En même temps, toutes ces manifestations ont contribué à faire connaître l’Association auprès des gens soucieux de sauvegarder leurs archives personnelles et familiales avec pour conséquence directe le don aux AVO de nombreux fonds de « vie ordinaire », qui ont ainsi trouvé leur chemin vers nos archives et échappé à la « benne fatale ».

Comme l’écrit Michel Schlup : « Du passé, la mémoire des hommes retient volontiers les événements saillants, oublieuse des faits menus de l’existence. Ainsi l’intervalle de deux ou trois générations suffit à effacer le souvenir d’un paysage quotidien si difficile alors à faire revivre. » Or, c’est bien un des atouts des Archives de la vie ordinaire : faire de ces témoins ordinaires de destins individuels, des documents de l’histoire et contribuer, à travers eux, à restituer les travaux et les jours de naguère.

Toutes les activités, les publications et les inventaires de fonds sont accessibles sur le site web des AVO :  archivesdelavieordinaire.ch.

Ramseyer Jacques

Jacques Ramseyer

Historien, conservateur des Archives de la vie ordinaire de 2015 à 2020.

Bonnet Borel Françoise

Françoise Bonnet Borel

Archéologue et historienne, ancienne conservatrice du Château et musée de Valangin, actuellement co-conservatrice des Archives de la vie ordinaire.

Résumé

L’importance des archives privées est reconnue depuis longtemps et le canton de Neuchâtel abrite plusieurs structures dédiées à leur sauvegarde.

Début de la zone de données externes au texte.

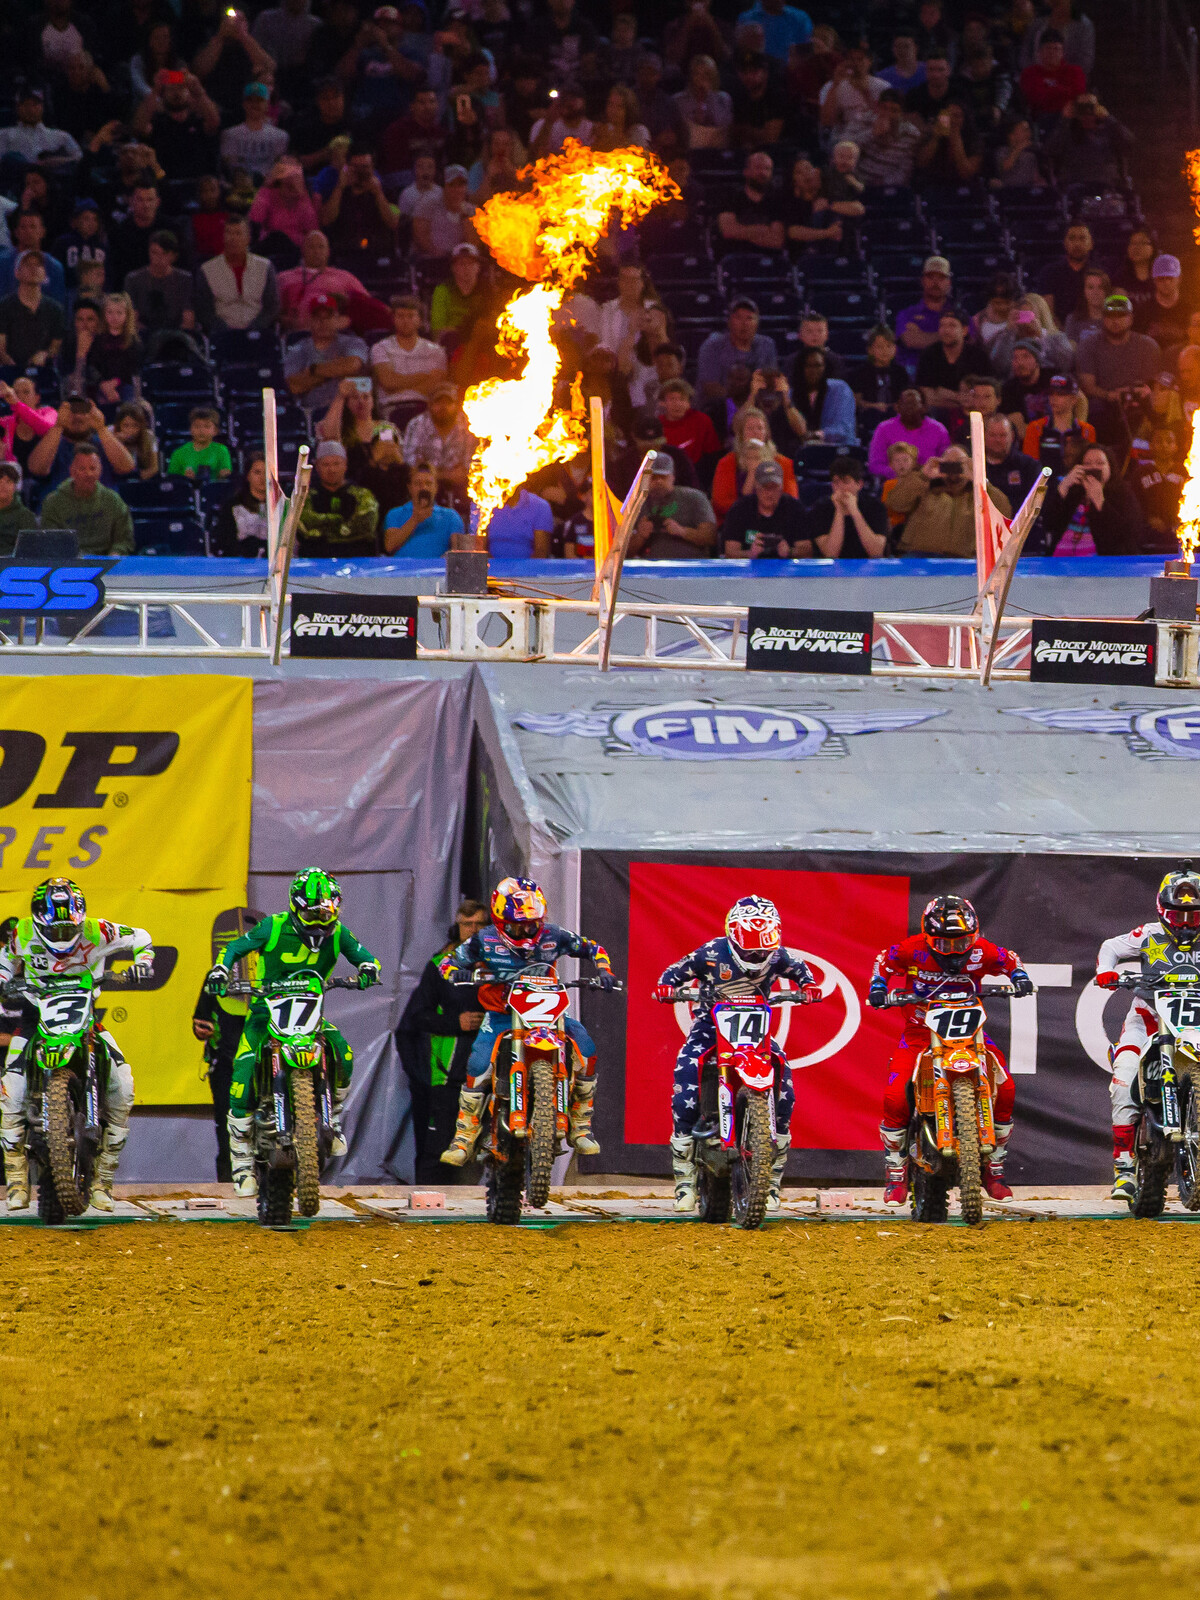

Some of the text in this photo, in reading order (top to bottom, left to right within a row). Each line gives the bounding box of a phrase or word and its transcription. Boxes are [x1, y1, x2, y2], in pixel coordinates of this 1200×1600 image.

[312, 613, 408, 625] ROCKY MOUNTAIN
[767, 627, 863, 641] ROCKY MOUNTAIN
[1052, 639, 1147, 652] ROCKY MOUNTAIN
[646, 716, 797, 744] FIM
[45, 996, 87, 1028] 3
[272, 998, 319, 1029] 17
[521, 993, 560, 1021] 2
[724, 1013, 763, 1043] 14
[933, 1010, 982, 1038] 19
[1165, 1086, 1173, 1124] DUNLOP
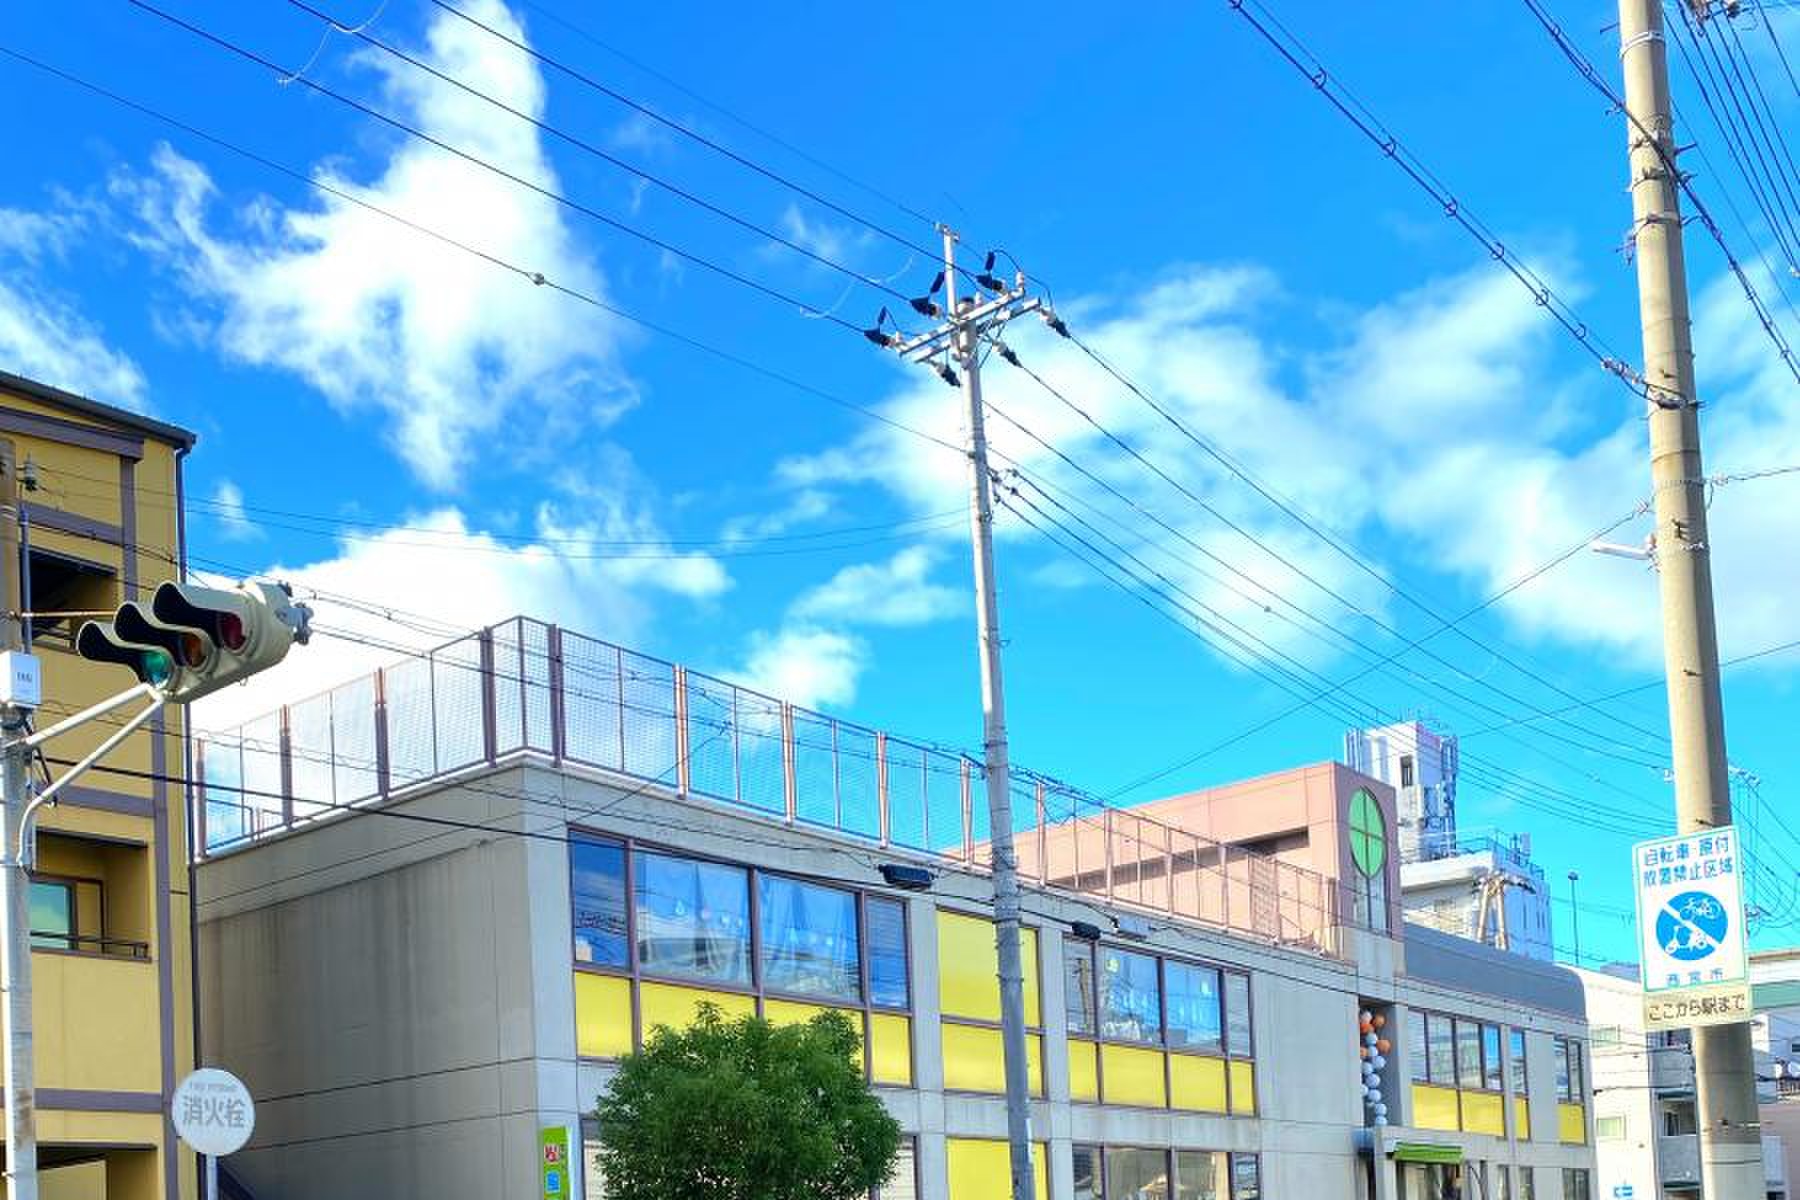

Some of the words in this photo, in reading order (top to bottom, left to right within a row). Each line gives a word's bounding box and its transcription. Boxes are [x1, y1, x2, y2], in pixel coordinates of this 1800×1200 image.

Comme certaines institutions n’accueillent que les archives des personnalités ayant marqué leur temps, l’Association pour la sauvegarde des Archives de la vie ordinaire (AVO), créée en 2003 à Neuchâtel, a comme mission la sauvegarde des archives du for privé des personnes ayant eu une vie dite « ordinaire »  et leur mise à disposition des chercheurs en histoire afin de contribuer à la constitution de la mémoire collective neuchâteloise. Aussi, les AVO  collaborent étroitement avec l’Université de Neuchâtel d’une part et avec les autres institutions du canton dédiées aux archives, d’autre part, pour tout ce qui touche à la collecte et la conservation des fonds d’archives privées.